-------- THE RECORDS

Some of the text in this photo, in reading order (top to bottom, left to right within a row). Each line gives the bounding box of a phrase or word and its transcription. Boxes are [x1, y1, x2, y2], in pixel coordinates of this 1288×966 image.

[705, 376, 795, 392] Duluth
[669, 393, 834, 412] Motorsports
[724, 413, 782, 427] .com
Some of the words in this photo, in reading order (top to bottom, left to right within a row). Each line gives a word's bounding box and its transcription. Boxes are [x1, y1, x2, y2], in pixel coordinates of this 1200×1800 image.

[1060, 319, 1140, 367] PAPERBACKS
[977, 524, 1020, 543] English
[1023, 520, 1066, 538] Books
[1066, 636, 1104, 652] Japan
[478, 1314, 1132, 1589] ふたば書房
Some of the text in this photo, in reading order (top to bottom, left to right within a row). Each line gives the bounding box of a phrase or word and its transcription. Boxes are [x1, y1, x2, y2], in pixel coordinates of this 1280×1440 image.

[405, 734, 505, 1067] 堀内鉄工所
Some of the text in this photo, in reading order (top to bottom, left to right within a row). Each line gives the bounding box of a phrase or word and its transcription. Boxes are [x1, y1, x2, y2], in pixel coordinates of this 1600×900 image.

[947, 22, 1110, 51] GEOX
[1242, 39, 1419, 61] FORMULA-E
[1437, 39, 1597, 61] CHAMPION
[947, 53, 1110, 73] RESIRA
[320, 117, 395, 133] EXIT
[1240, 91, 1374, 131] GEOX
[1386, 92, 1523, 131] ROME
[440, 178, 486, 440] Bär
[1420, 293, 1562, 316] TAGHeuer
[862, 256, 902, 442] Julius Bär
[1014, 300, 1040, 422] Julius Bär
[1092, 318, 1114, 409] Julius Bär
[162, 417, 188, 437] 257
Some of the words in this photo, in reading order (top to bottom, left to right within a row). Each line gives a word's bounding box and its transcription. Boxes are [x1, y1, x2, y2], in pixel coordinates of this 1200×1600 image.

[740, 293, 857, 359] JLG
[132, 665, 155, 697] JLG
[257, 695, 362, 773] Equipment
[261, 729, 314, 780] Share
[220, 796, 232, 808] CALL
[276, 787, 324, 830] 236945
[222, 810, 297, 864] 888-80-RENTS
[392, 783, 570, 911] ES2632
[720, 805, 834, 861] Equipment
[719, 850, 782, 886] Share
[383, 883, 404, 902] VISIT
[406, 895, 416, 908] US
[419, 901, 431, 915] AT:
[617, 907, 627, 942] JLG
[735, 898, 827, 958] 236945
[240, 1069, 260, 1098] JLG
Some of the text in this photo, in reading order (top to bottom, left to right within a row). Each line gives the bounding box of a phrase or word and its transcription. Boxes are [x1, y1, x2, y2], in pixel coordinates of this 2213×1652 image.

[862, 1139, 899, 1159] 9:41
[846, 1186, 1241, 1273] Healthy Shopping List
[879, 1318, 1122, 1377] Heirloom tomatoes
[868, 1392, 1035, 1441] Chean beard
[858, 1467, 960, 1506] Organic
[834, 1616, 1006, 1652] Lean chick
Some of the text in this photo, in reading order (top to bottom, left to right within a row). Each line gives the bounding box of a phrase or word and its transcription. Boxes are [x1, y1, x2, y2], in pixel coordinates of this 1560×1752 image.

----------------

TASK GOAL ->
Write out all the data again, exactly as it appears.

SOLUTION ->
Some of the text in this photo, in reading order (top to bottom, left to right within a row). Each line gives the bounding box of a phrase or word and its transcription. Boxes are [x1, y1, x2, y2], in pixel coordinates of this 1288×966 image.

[705, 376, 795, 392] Duluth
[669, 393, 834, 412] Motorsports
[724, 413, 782, 427] .com
Some of the words in this photo, in reading order (top to bottom, left to right within a row). Each line gives a word's bounding box and its transcription. Boxes are [x1, y1, x2, y2], in pixel coordinates of this 1200×1800 image.

[1060, 319, 1140, 367] PAPERBACKS
[977, 524, 1020, 543] English
[1023, 520, 1066, 538] Books
[1066, 636, 1104, 652] Japan
[478, 1314, 1132, 1589] ふたば書房
Some of the text in this photo, in reading order (top to bottom, left to right within a row). Each line gives the bounding box of a phrase or word and its transcription. Boxes are [x1, y1, x2, y2], in pixel coordinates of this 1280×1440 image.

[405, 734, 505, 1067] 堀内鉄工所
Some of the text in this photo, in reading order (top to bottom, left to right within a row). Each line gives the bounding box of a phrase or word and its transcription. Boxes are [x1, y1, x2, y2], in pixel coordinates of this 1600×900 image.

[947, 22, 1110, 51] GEOX
[1242, 39, 1419, 61] FORMULA-E
[1437, 39, 1597, 61] CHAMPION
[947, 53, 1110, 73] RESIRA
[320, 117, 395, 133] EXIT
[1240, 91, 1374, 131] GEOX
[1386, 92, 1523, 131] ROME
[440, 178, 486, 440] Bär
[1420, 293, 1562, 316] TAGHeuer
[862, 256, 902, 442] Julius Bär
[1014, 300, 1040, 422] Julius Bär
[1092, 318, 1114, 409] Julius Bär
[162, 417, 188, 437] 257
Some of the words in this photo, in reading order (top to bottom, left to right within a row). Each line gives a word's bounding box and its transcription. Boxes are [x1, y1, x2, y2], in pixel coordinates of this 1200×1600 image.

[740, 293, 857, 359] JLG
[132, 665, 155, 697] JLG
[257, 695, 362, 773] Equipment
[261, 729, 314, 780] Share
[220, 796, 232, 808] CALL
[276, 787, 324, 830] 236945
[222, 810, 297, 864] 888-80-RENTS
[392, 783, 570, 911] ES2632
[720, 805, 834, 861] Equipment
[719, 850, 782, 886] Share
[383, 883, 404, 902] VISIT
[406, 895, 416, 908] US
[419, 901, 431, 915] AT:
[617, 907, 627, 942] JLG
[735, 898, 827, 958] 236945
[240, 1069, 260, 1098] JLG
Some of the text in this photo, in reading order (top to bottom, left to right within a row). Each line gives the bounding box of a phrase or word and its transcription. Boxes are [x1, y1, x2, y2], in pixel coordinates of this 2213×1652 image.

[862, 1139, 899, 1159] 9:41
[846, 1186, 1241, 1273] Healthy Shopping List
[879, 1318, 1122, 1377] Heirloom tomatoes
[868, 1392, 1035, 1441] Chean beard
[858, 1467, 960, 1506] Organic
[834, 1616, 1006, 1652] Lean chick
Some of the text in this photo, in reading order (top to bottom, left to right within a row). Each line gives the bounding box of a phrase or word and its transcription. Boxes are [x1, y1, x2, y2], in pixel coordinates of this 1560×1752 image.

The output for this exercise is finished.